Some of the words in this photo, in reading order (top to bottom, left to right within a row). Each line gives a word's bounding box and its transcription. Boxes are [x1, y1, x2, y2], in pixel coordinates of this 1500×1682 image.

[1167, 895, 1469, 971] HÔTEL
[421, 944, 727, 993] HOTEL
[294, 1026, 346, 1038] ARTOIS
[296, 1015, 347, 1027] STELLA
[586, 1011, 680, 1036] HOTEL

• What to work on: Output the entire listing above exactly, keeping each line as it is.

• Task solution:
Some of the words in this photo, in reading order (top to bottom, left to right within a row). Each line gives a word's bounding box and its transcription. Boxes are [x1, y1, x2, y2], in pixel coordinates of this 1500×1682 image.

[1167, 895, 1469, 971] HÔTEL
[421, 944, 727, 993] HOTEL
[294, 1026, 346, 1038] ARTOIS
[296, 1015, 347, 1027] STELLA
[586, 1011, 680, 1036] HOTEL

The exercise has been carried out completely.